Task description: The data below should be copied out exactly, with its pictures omitted.
##########
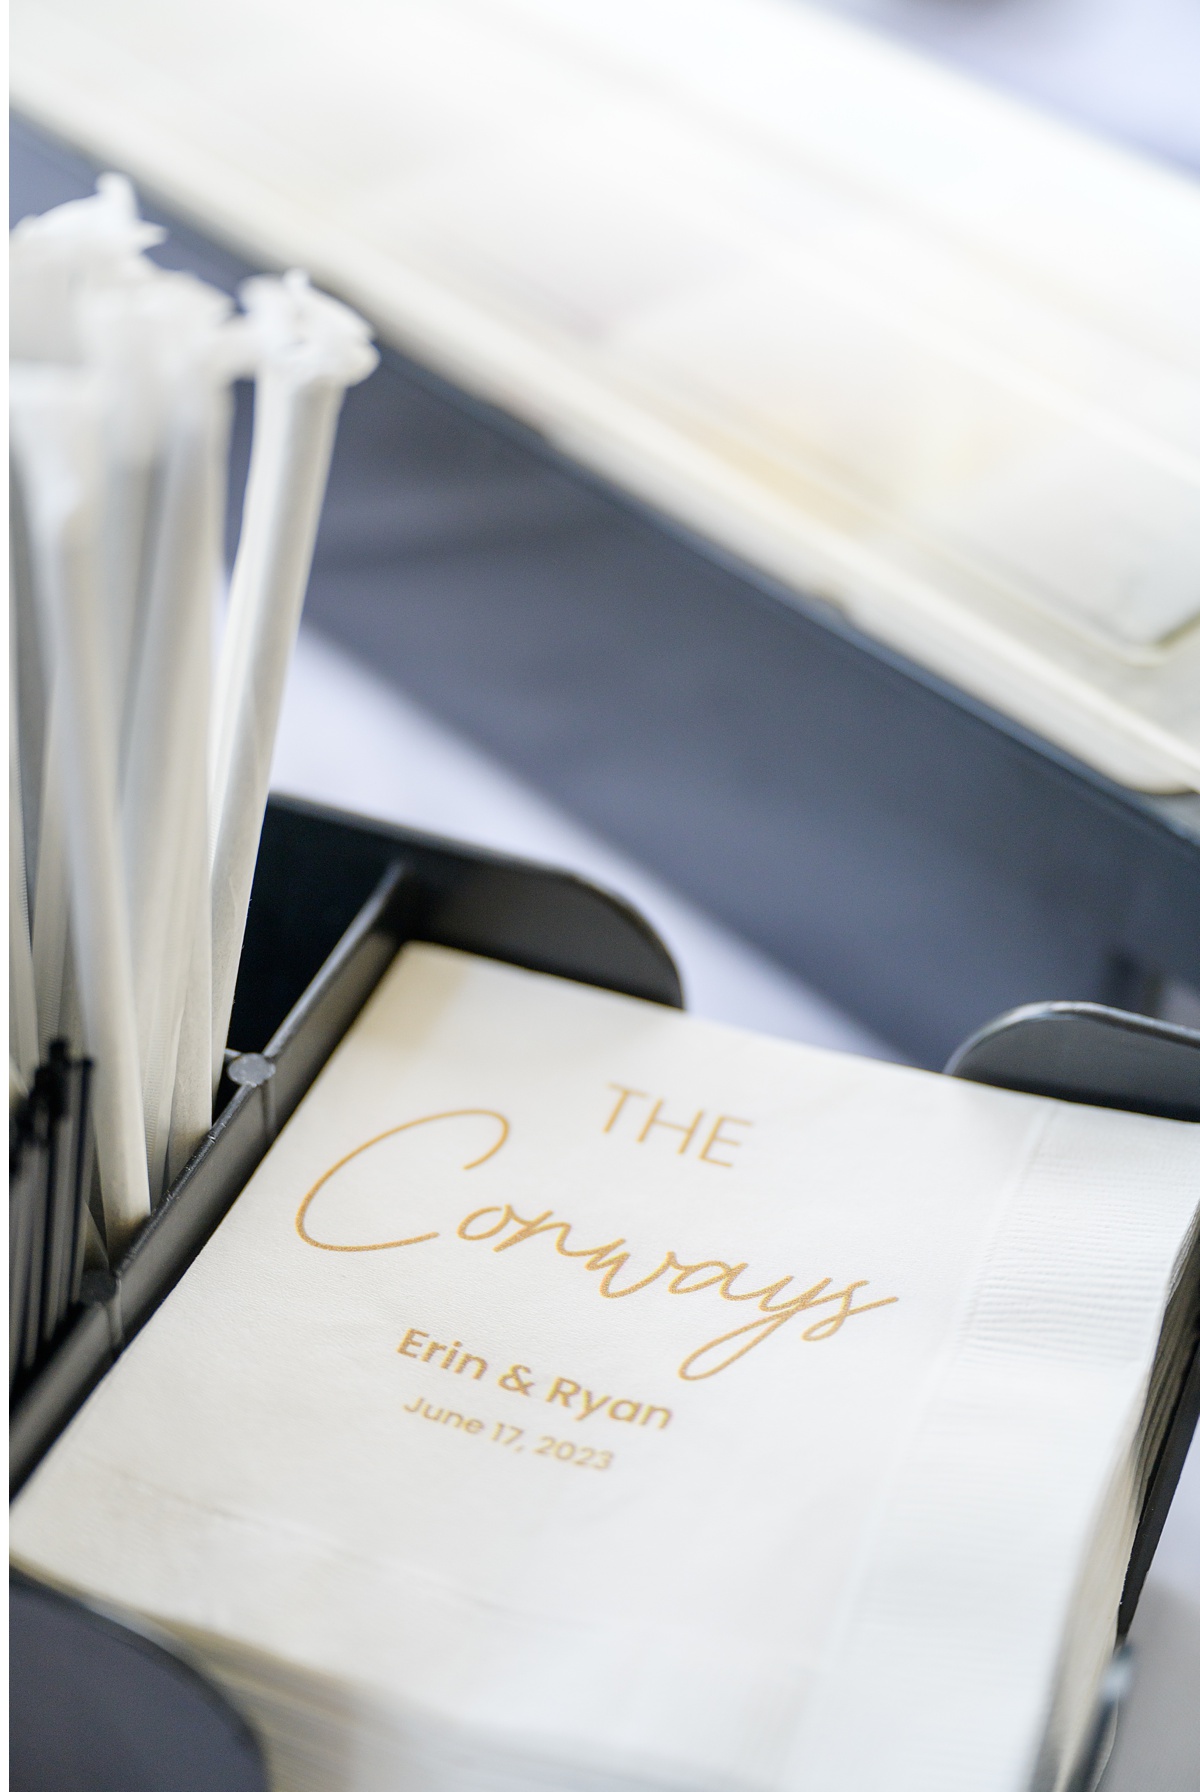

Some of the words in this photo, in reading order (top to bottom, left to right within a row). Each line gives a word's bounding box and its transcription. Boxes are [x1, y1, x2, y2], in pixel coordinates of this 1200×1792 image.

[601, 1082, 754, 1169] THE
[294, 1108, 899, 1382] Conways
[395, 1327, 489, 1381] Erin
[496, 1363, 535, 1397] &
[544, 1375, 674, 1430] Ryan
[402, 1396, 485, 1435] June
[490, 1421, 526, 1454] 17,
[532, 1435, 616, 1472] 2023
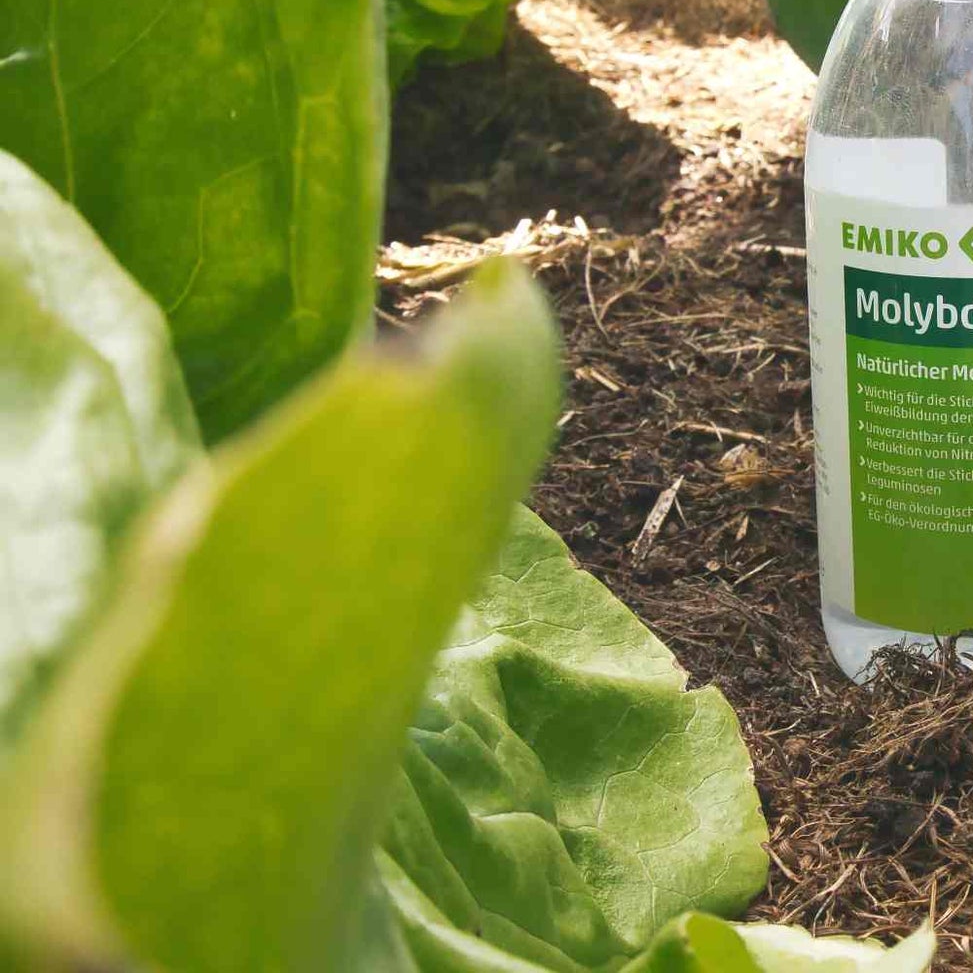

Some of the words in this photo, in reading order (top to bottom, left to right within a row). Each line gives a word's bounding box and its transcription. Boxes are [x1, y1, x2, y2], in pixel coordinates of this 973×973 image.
##########
Written reply:
Some of the words in this photo, in reading order (top to bottom, left to right within a row). Each line gives a word's bounding box and its transcription. Boxes are [x1, y1, x2, y2], in pixel coordinates of this 1200×1792 image.

[601, 1082, 754, 1169] THE
[294, 1108, 899, 1382] Conways
[395, 1327, 489, 1381] Erin
[496, 1363, 535, 1397] &
[544, 1375, 674, 1430] Ryan
[402, 1396, 485, 1435] June
[490, 1421, 526, 1454] 17,
[532, 1435, 616, 1472] 2023

Some of the words in this photo, in reading order (top to bottom, left to right within a row). Each line gives a word's bounding box and its transcription. Boxes are [x1, y1, x2, y2], in pixel coordinates of this 973×973 image.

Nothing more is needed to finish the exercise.